「はい?」

龍生さんは笑満のことを、そう呼ぶ。

「遙音のことだが」

「……はい」

「娘ちゃんの家族は、あいつのことを認められるのか?」

「――――――」



笑満が言葉に詰まると、私が口を挟む前に龍生さんが片手をあげた。

「すまねえ。意地悪い質問だったな。気にしないでくれ」

「……いえ」

笑満は少しだけ視線を落とした。……気にするな、とは言われても、忘れてくれという言い方はされなかった。

「……遙音くんと付き合ってること、あたしがお父さんやお母さんに言えていないのは、本当のことですから」

「二人では、どうするか、とか話してんのか?」

「……言い出せていません」

「そうか――

「でもあの! は、遙音くんに発破かけるのとかは、やめてください。これは、あたしと遙音くんの問題で、あたしが話すべきことですから」

龍生さんに向いた凛とした瞳に、頼は軽く息を呑んでいた。

それからまた視線を落とした笑満は、ぱっと顔をあげた。笑顔だった。

「そういうわけなので。今日はありがとうございました」

笑満が深く礼をして、私も慌てて頭を下げた。さて、何作るか決めよー! と意気込む笑満と私に、龍生さんが最後に言葉をかけた。

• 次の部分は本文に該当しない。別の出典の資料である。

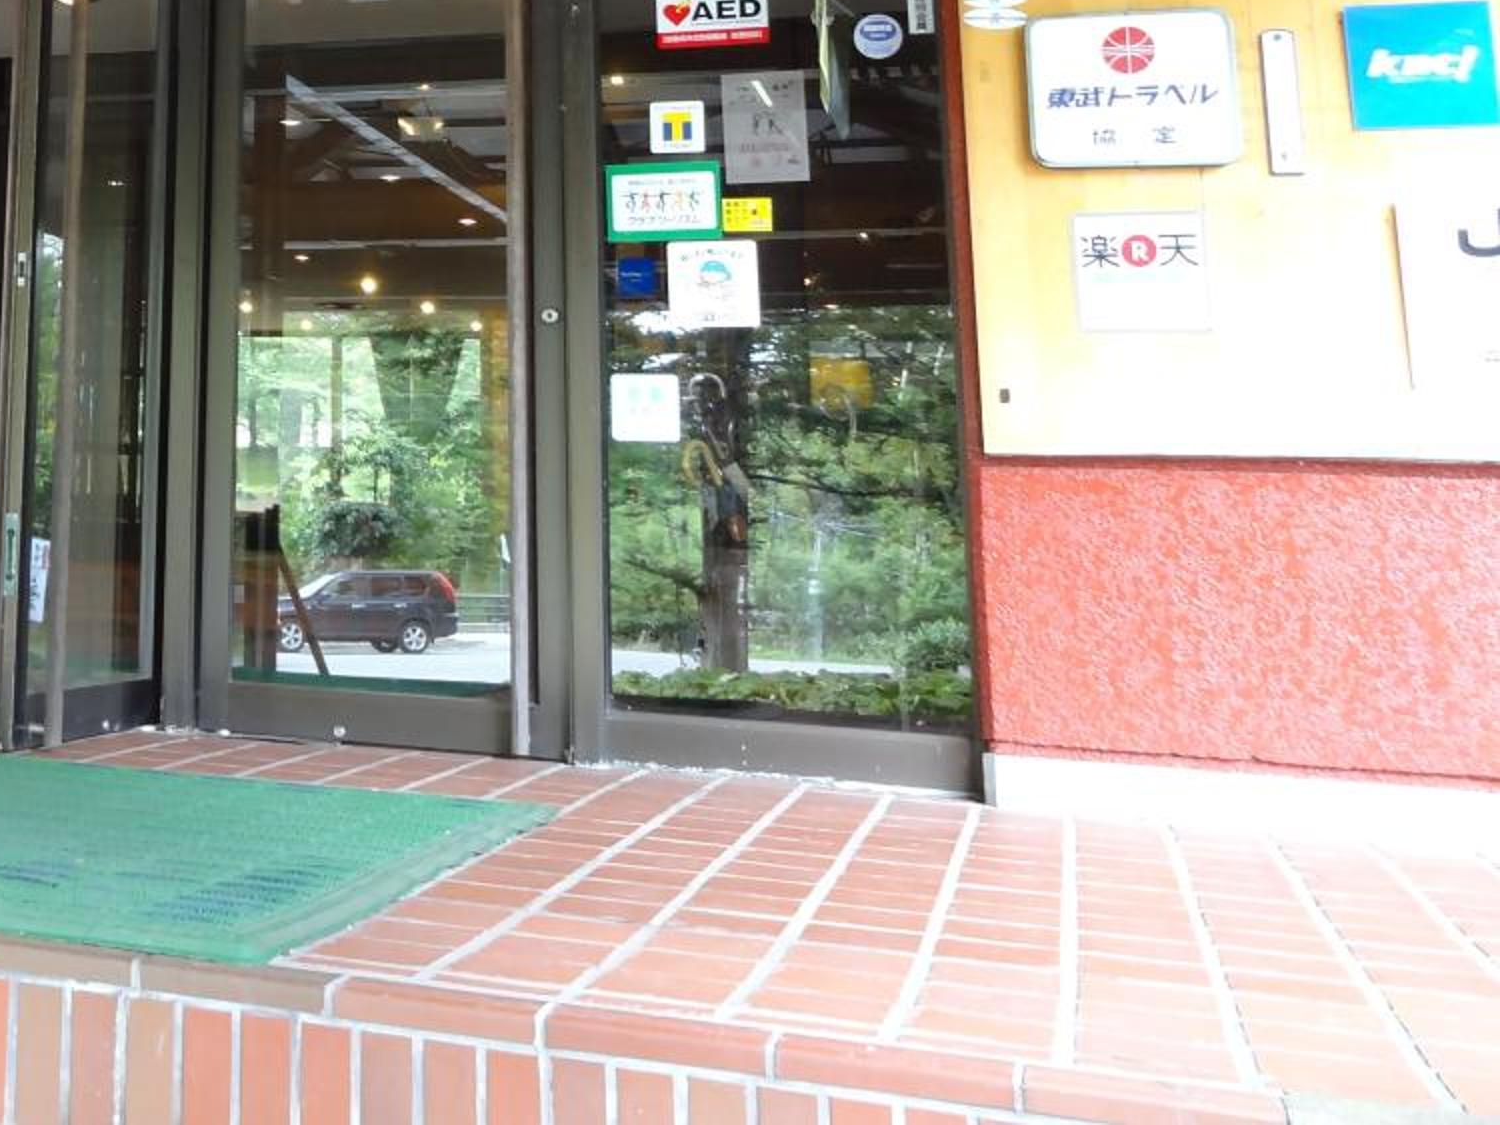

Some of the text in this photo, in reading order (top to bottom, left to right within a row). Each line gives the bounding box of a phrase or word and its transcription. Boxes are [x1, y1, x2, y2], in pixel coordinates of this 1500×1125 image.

[1047, 82, 1219, 110] 東武トラベル
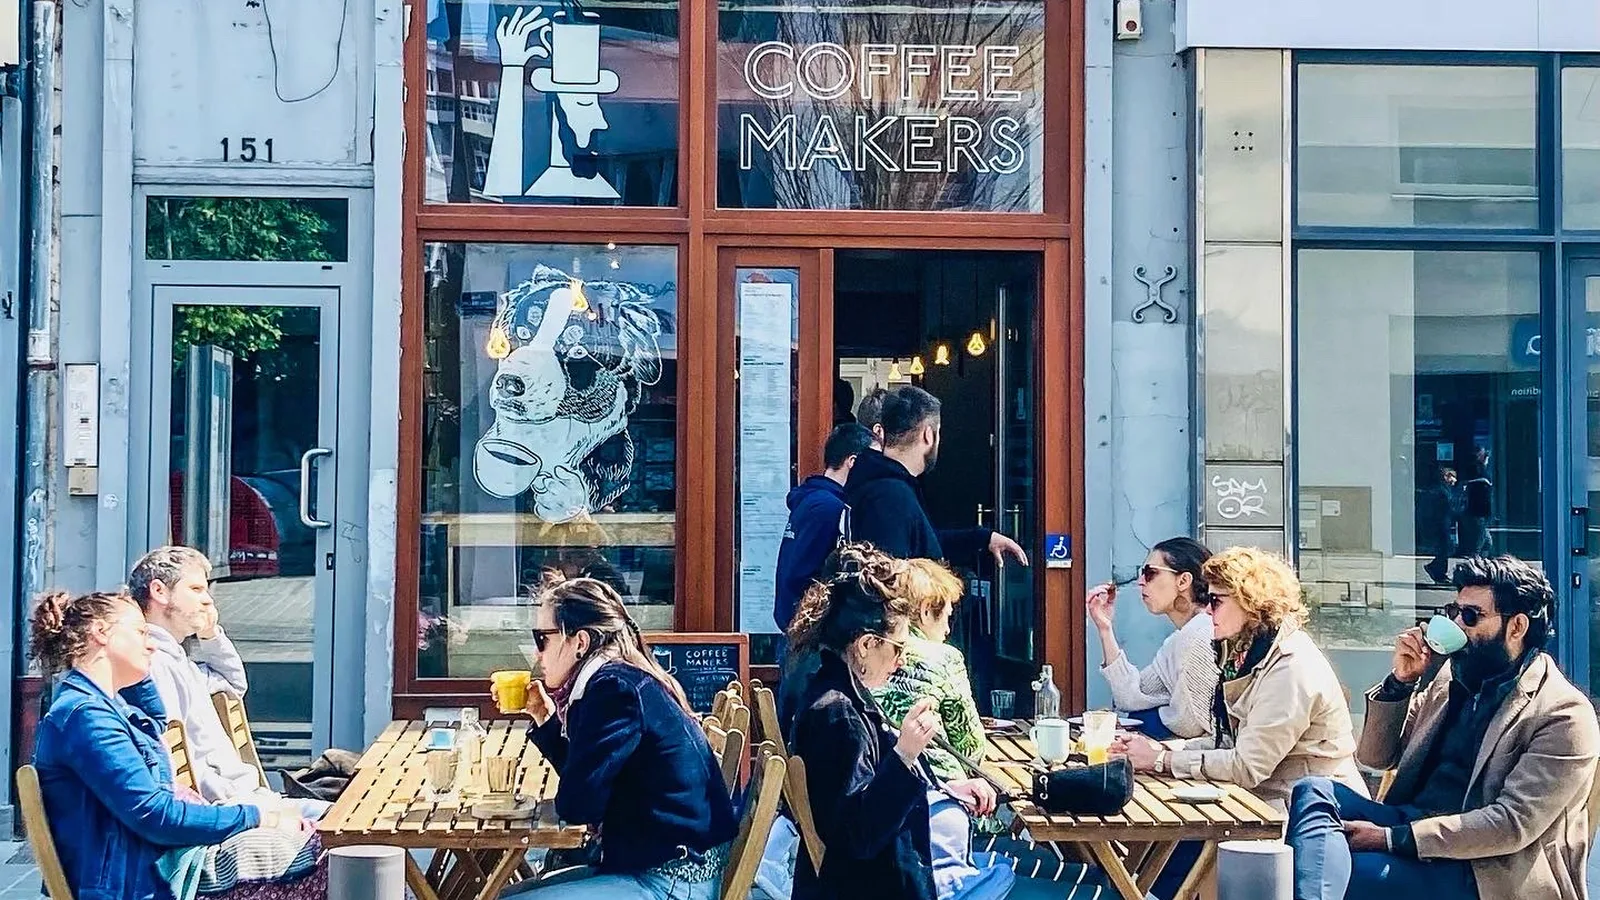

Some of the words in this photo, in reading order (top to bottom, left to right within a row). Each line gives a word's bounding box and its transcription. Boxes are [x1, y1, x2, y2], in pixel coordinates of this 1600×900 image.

[744, 41, 1021, 101] COFFEE
[220, 137, 273, 163] 151
[740, 113, 1024, 174] MAKERS
[686, 649, 728, 658] COFFEE
[686, 658, 729, 667] MAKERS

「松生の娘ちゃん。これでも俺も、あいつの親代わりだ。遙音を見つけた以上相応の役割は、果たすつもりでいる」

「………」

「あいつのことで困ったことがあったら、いつでも来てくれ」

龍生さんの中での、遙音先輩の位置。笑満は唇を噛んでから、また頭を下げた。

「よろしくお願いしますっ」

「ああ」

まだ、笑満は家族に遙音先輩のことを言えていない。過去があるからだ。それでも、その先に今、生きているのは確か。

凛然とした瞳をするようになった親友を隣に、私は口元を緩めた。

……こんな風に笑えるのは、受け止めてくれた流夜くんのおかげだと思った。